Bitner-Cover-Here-Is-A-Game-We-Could-Play

Fabulist Magazine is excited to co-present a BOOK LAUNCH for “Here Is A Game We Could Play,” by Jenny Bitner.

WHEN: Saturday, May 15, 5:00 p.m. Pacific, via Zoom.

FEATURING: Jenny Bitner in conversation with Sasha Cagen (“Quirkyalone,” “To-Do List”)

TO ATTEND: Register for free to receive the Zoom link for this online event

About this event

Jenny Bitner’s debut novel, “Here Is A Game We Could Play” (Acre Books, 2021), includes two feverish and vivid fantasies previously published in The Fabulist: “Hansel & Me,” and “The Hospital: A Game for Lovers.”

Joins us on Saturday, May 15, for readings from “Here Is A Game We Could Play” and Jenny Bitner in conversation with Sasha Cagen, author of “Quirkyalone” and “To-Do List.”

BUY “HERE IS A GAME WE COULD PLAY”: https://press.uchicago.edu/ucp/books/book/distributed/H/bo86883845.html

SUMMARY: A bisexual love story with librarians and poisoning, “Here is a Game We Could Play” has been called “a book to pluck you out of your cage and reintroduce you to the wild” (Ben Loory).

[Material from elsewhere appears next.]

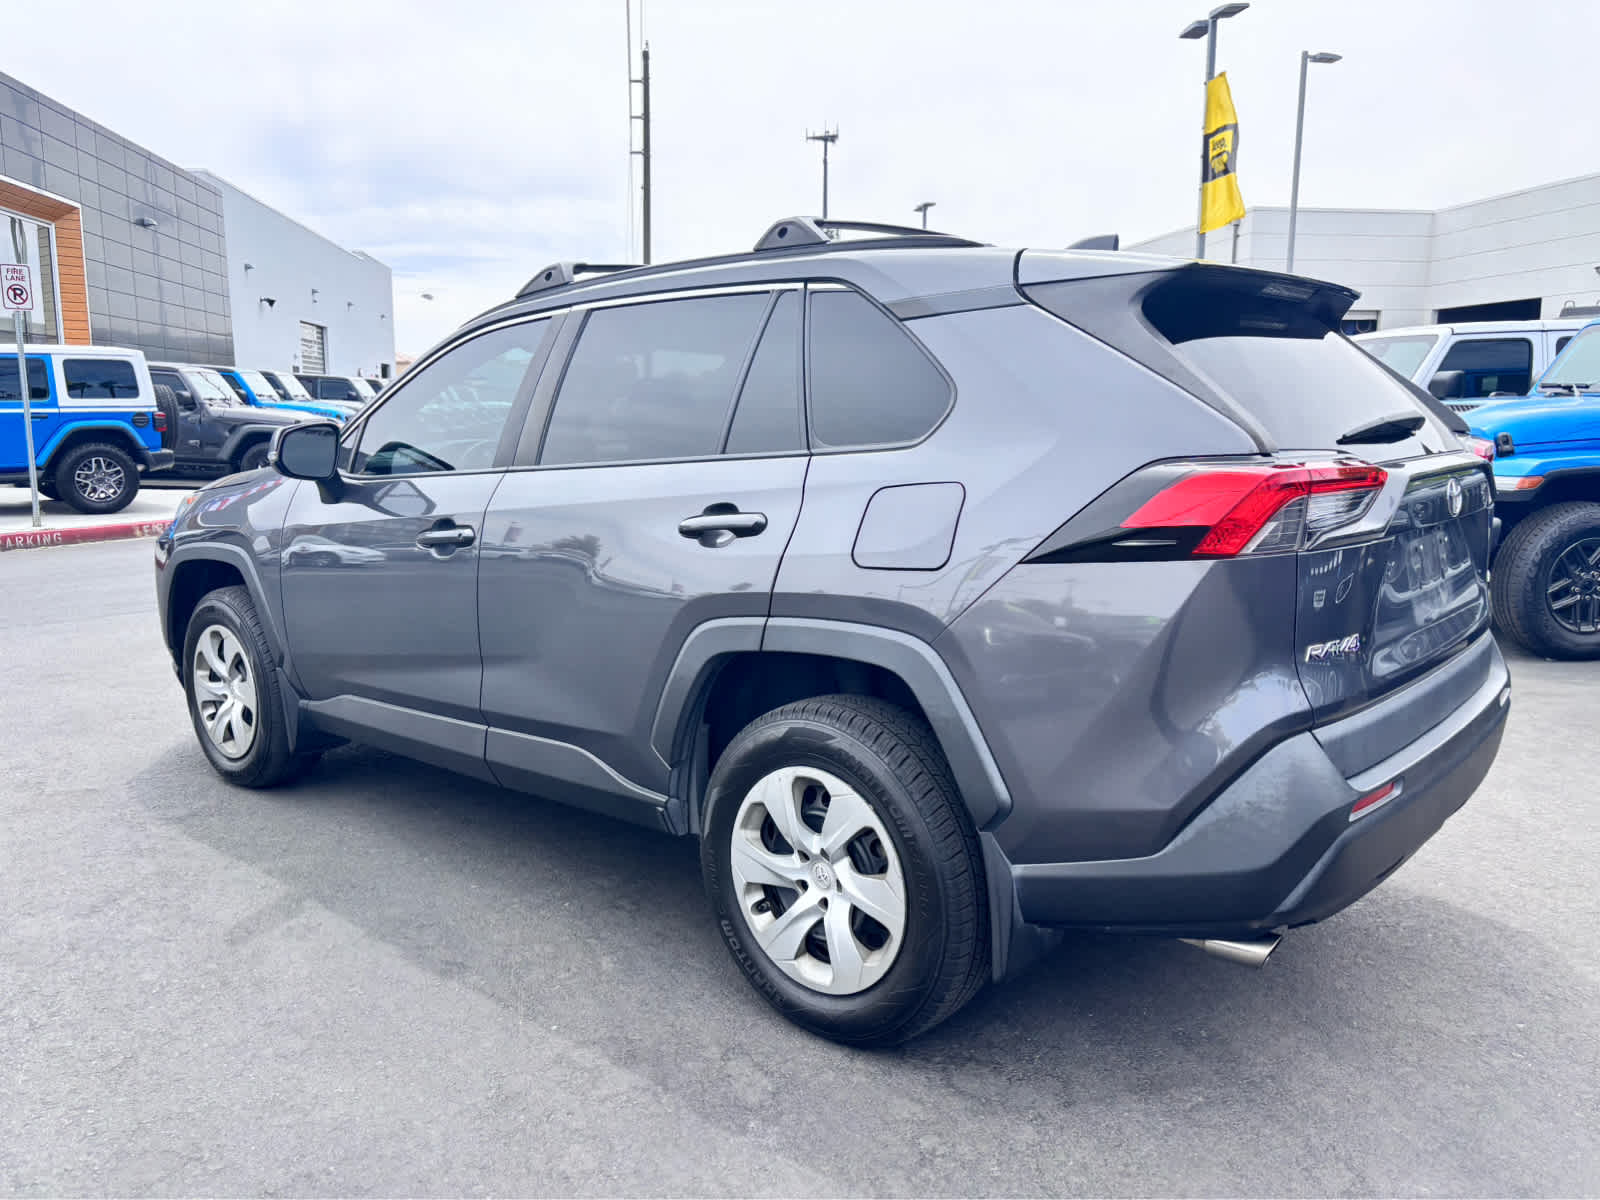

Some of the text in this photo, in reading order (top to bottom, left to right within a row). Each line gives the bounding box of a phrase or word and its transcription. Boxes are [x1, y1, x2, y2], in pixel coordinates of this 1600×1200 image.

[6, 267, 24, 275] FIRE
[5, 274, 26, 282] LANE
[0, 532, 63, 549] ARKING
[1305, 632, 1360, 662] RAV4

DETAILS: Set in Pennsylvania in the 1990s, “Here Is a Game We Could Play” is the dreamlike story of Claudia, an intelligent eccentric trapped in her rundown, industrial hometown — a place plagued with troubling memories and hidden threats. Seeking escape from tedium, loneliness, and her obsessive fear of poisoning, Claudia retreats into books. . . and into a fantasy life with her perfect lover, to whom she addresses letters about her life, all the while imagining outlandish sexual scenarios.

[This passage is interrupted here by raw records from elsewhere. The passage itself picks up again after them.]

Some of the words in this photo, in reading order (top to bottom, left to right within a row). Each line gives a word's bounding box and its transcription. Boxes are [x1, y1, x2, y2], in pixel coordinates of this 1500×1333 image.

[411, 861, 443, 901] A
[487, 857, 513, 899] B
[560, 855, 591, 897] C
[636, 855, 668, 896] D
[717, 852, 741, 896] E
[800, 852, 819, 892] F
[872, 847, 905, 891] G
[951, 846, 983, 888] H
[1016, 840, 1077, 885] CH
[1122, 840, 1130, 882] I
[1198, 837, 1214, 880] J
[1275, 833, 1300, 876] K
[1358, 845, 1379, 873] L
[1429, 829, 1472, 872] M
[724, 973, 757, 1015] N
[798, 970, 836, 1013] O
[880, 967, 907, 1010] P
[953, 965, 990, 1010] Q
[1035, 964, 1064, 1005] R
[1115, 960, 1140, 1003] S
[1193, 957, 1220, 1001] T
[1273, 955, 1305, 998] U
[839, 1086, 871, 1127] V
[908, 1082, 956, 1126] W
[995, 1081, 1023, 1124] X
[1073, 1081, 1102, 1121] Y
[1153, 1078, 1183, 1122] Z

In each fantasy, her lover takes a different form, ranging from a prison guard in a world where metaphor is forbidden, to a more-than-brotherly Hansel from the Grimms’ fairy tale, to a tentacled mind-reading space alien. All share a desire for a deep intimacy that eludes Claudia, even as she forms new real-life relationships and reconsiders her sexual identity—building a rapport with an elderly volunteer at the library, striking up a friendship with a wily temp at her dead-end job, and embarking on a passionate affair with Rose, the town’s new librarian. When paranoia threatens to ruin her relationship with Rose, Claudia is forced not only to combat her anxiety but to face the unresolved trauma in her past—the disappearance of her father on a night she has long repressed.

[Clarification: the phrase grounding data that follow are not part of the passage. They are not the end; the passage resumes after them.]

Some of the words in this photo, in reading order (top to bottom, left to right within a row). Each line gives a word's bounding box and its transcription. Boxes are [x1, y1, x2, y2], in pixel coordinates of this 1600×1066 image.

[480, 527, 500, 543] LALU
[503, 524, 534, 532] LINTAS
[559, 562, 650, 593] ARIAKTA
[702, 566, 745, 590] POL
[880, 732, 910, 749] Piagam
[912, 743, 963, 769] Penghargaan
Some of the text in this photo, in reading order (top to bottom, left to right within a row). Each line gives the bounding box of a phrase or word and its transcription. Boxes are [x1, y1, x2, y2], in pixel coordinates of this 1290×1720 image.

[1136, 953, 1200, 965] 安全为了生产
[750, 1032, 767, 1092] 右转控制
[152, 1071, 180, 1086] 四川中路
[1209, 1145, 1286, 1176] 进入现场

Funny, dark, inventive, and moving, “Here Is a Game We Could Play” is an original debut novel recalling the work of Aimee Bender, Angela Carter, Rebecca Brown, and Margaret Atwood.

PARTICIPANT BIOS:

Sasha Cagen is the author of the cult hit “Quirkyalone: A Manifesto for Uncompromising Romantics” and “To-Do List: From Buying Milk to Finding a Soulmate, What Our Lists Reveal About Us.” Sasha’s books have garnered attention everywhere from The New York Times and NPR and to CNN and The Wall Street Journal. Sasha is currently at work on “Wet,” a memoir about healing childhood wounds through a journey of sensuality in South America.

Jenny Bitner’s stories, essays, and poems have been published in The Best American Nonrequired Reading, PANK, Fence, Mississippi Review, and The Sun. She works as a hypnotherapist and writing teacher and is a member of the Writers Grotto. Her stories “Hansel & Me” and “The Hospital: A Game for Lovers” both appear in the new book, and were previously published in The Fabulist.

The Fabulist Words & Art has been publishing fantastical fiction, poetry and art, plus related reviews and essays, since 2007.

Acre Books, the book-publishing offshoot of The Cincinnati Review, aims to build on the excellence that its parent publication has become known for. Like CR, our small press will focus on surprising, imaginative, and absorbing works — of poetry, fiction, literary nonfiction, and hybrid forms — that are expertly crafted and beautifully polished, and that engage readers aesthetically as well as emotionally.